Extracellular fluid provides motion in the body, transport blood, and tissue fluids by diffusion, through the capillary wall.
Extracellular fluid transport two types
- Movement of blood through the body in blood vessels.
- Movement of fluids between the blood capillaries.
Intracellular fluids present inside the cell. Intracellular fluids contain 2/3 part of the total body water. Intracellular fluids contain high levels of potassium, magnesium, and phosphate ions. In intracellular fluid includes phosphate ions, just replacement of sodium chloride ions in extracellular fluids, because of the relative impermeability of cell membranes, which separates out these ions. Special mechanisms for transporting ions through the cell membrane maintain the ion concentration differences between intracellular and extracellular fluids.
Difference between extracellular and intracellular fluid
|Present outside the cell.||Present inside the cell.|
|A major cation is a sodium and the major anion is chloride.||A major cation is potassium and the major anion is phosphate.|
|The pump actively uses cellular energy to maintain sodium in the extracellular fluid.||While intracellular fluid uses potassium.|
Fluids related diseases
In normal conditions, blood sodium concentration is 135 -145 mmol/L. The main determination of sodium concentration is plasma water concentration, itself determined by water intake, losses, and urinary dilution. Vasopressin, the main regulation of water. The Vasopressin hormone water reabsorbs with help renal tubules and produces concentrated urine. Dysnatremias alters signs and symptoms secondary to the central nervous system.

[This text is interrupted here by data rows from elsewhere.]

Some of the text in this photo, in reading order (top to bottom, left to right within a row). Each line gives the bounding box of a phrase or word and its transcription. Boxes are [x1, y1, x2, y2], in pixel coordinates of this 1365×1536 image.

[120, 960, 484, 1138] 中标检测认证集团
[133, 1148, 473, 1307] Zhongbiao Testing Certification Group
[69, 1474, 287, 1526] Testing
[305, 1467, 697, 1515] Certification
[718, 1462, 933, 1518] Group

Dysnatremia is two types based on sodium concentration in our body
Hyponatremia condition when our body has below the level of sodium ions in the blood. Decrease of sodium level in blood and effective blood osmolality causes movement of water into brain cells and results in cellular swelling and increases intracranial pressure. In most time hyponatremia occurrence when the body tries to store the extracellular fluid volume at the expense of circulating sodium.
- When the sodium levels below 125-130 mmol/L in blood, the body shows nausea and malaise signs.

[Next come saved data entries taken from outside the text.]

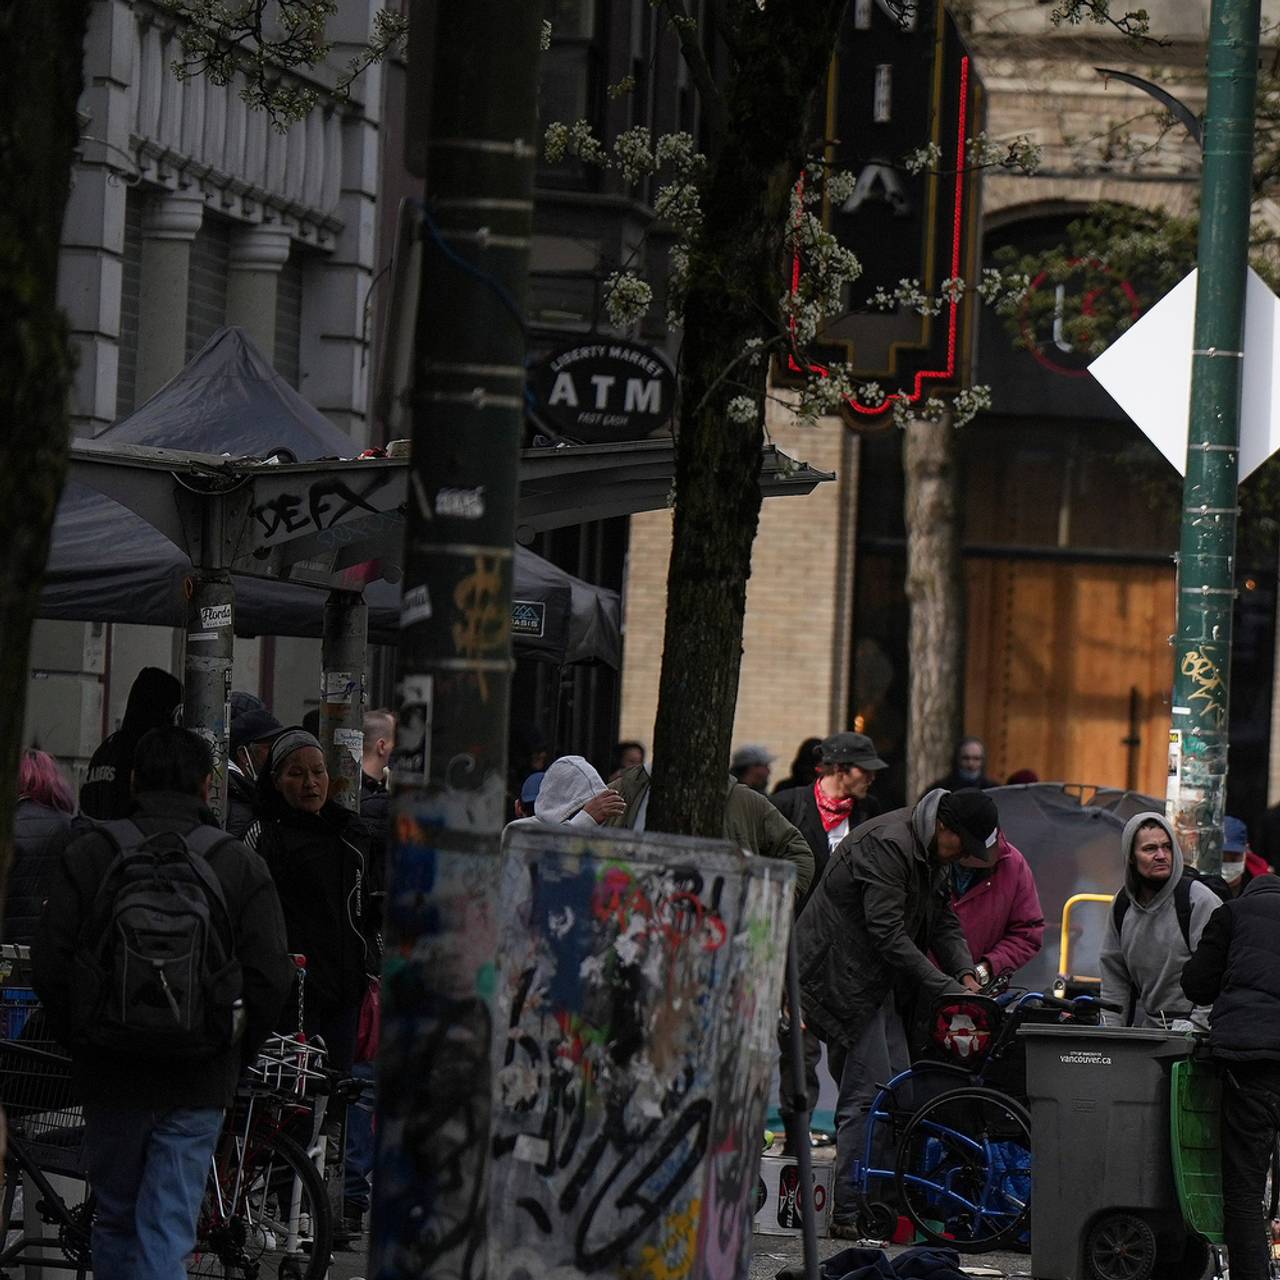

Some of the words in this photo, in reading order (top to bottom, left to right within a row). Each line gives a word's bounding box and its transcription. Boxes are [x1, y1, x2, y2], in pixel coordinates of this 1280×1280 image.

[550, 345, 607, 372] LIBERTY
[608, 346, 665, 377] MARKET
[548, 371, 662, 414] ATM
[1059, 1055, 1113, 1065] vancouver.ca
[786, 1189, 795, 1228] BLACK

- When the sodium levels below 115-120 mmol/L in blood, occurs headache, lethargy, restlessness, and disorientation in the body. In the severe condition of hyponatremia coma, respiratory arrest, seizure, permanent brain damage, brain stem herniation, and death also occur.

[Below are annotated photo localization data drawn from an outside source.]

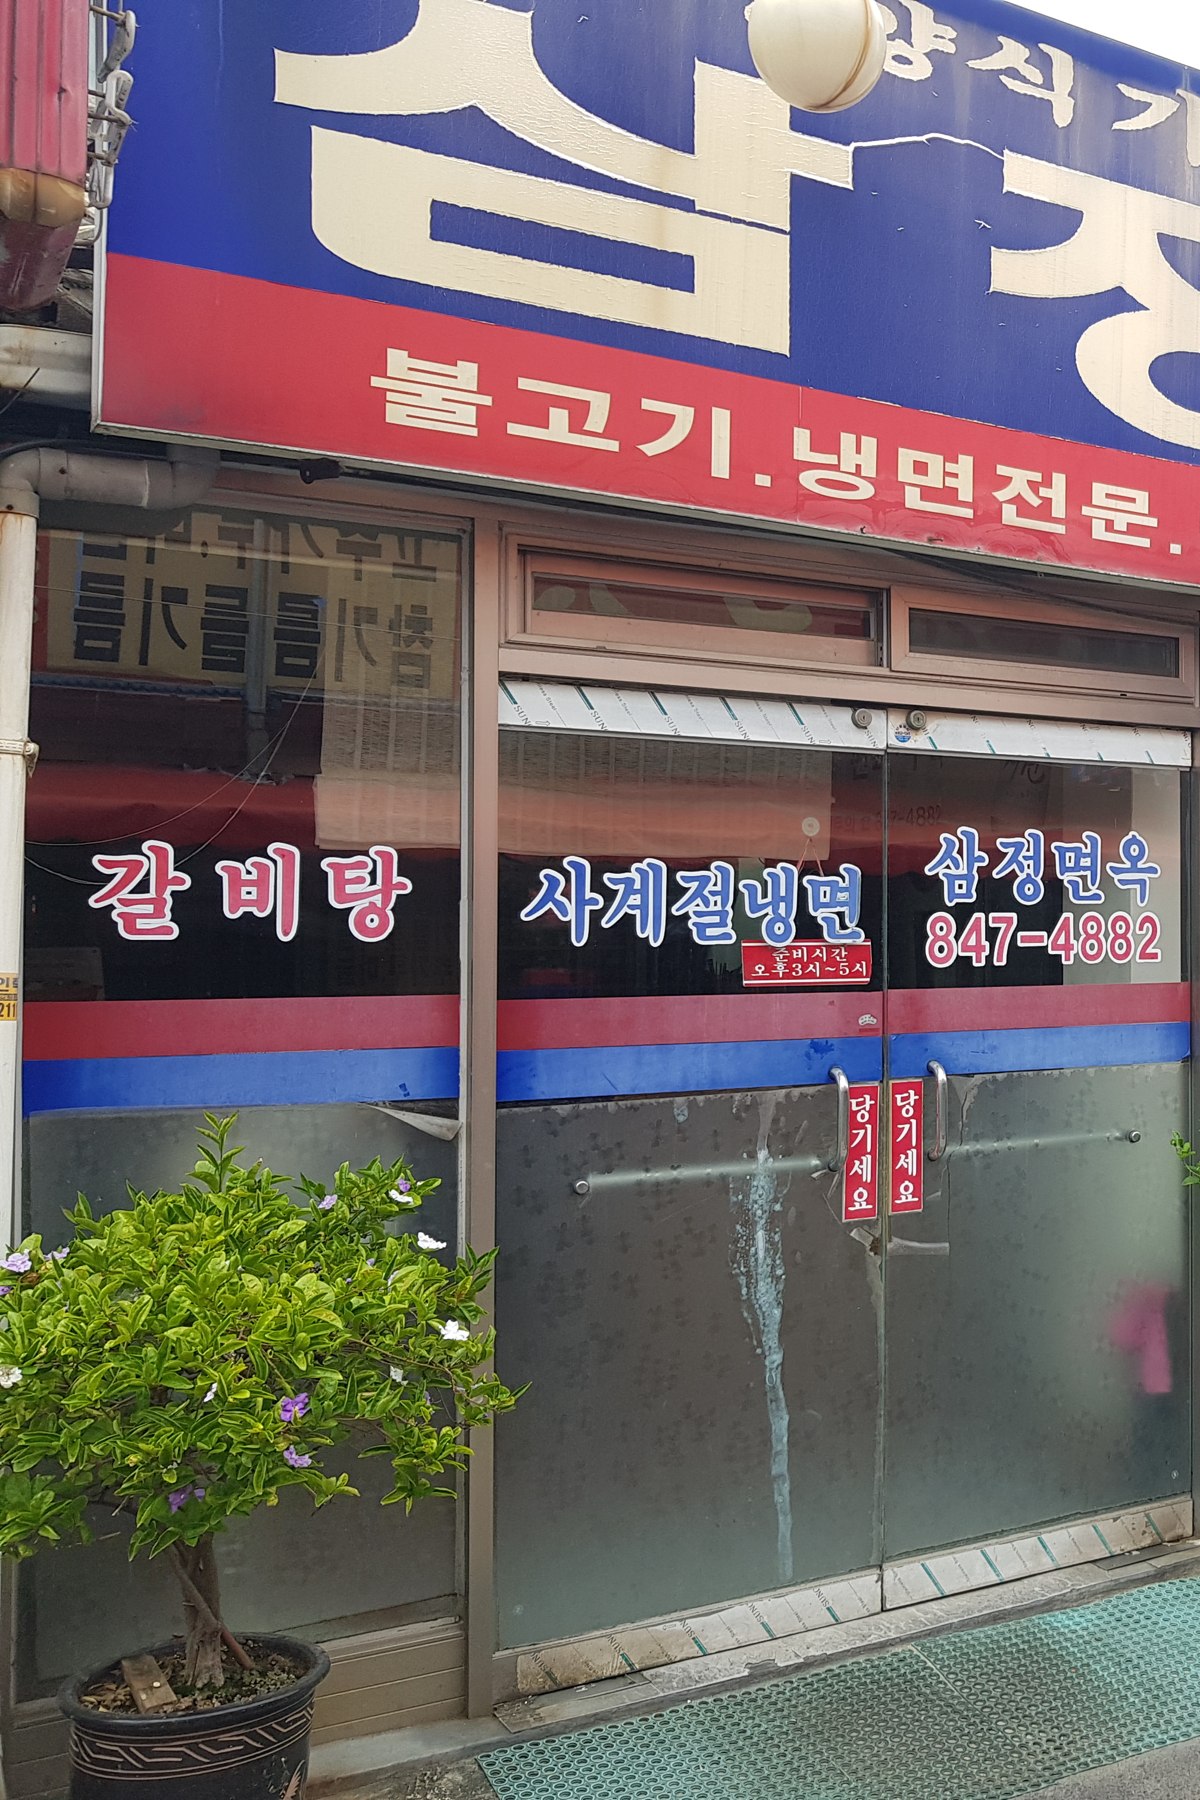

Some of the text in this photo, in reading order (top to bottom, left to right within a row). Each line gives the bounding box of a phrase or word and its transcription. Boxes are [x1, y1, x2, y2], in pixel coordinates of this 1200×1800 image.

[88, 840, 412, 942] 갈비탕
[520, 855, 866, 947] 사계절냉면
[925, 825, 1161, 906] 삼정면옥
[926, 911, 1162, 968] 847-4882
[848, 1094, 875, 1211] 당기세요
[894, 1089, 920, 1204] 당기세요

The gain of functions mutations of the X-linked receptor gene that mediates the renal response to vasopressin, resulting in persistent activation of the receptor. This disease name is the hereditary nephrogenic syndrome of inappropriate anti-diuresis.
In this disease, drugs use Desmopressin, a synthetic analog of the natural antidiuretic hormone. This drug is generally regarded as a safe drug and no side effects during treatment.
Some peoples may be also used non-steroidal anti-inflammatory drugs, which improve the excretion of free water.
Thiazides (a drug increase urine flow), this drug blocks the rennin –angiotensin-aldosterone system either converting enzyme inhibitors or sartans.
Hypernatremia condition when our body has a higher level of sodium ions in the blood. When sodium concentration levels higher then 160mmol/L occurs severe symptoms in the body. The early sign of hypernatremia such as muscle weakness, restlessness, nausea anorexia, and vomiting. And severe symptoms of hypernatremia mental status, lethargy, irritability, stupor, and coma. Hypernatremia may induce brain shrinkage, cerebral bleeding, and subarachnoid hemorrhage.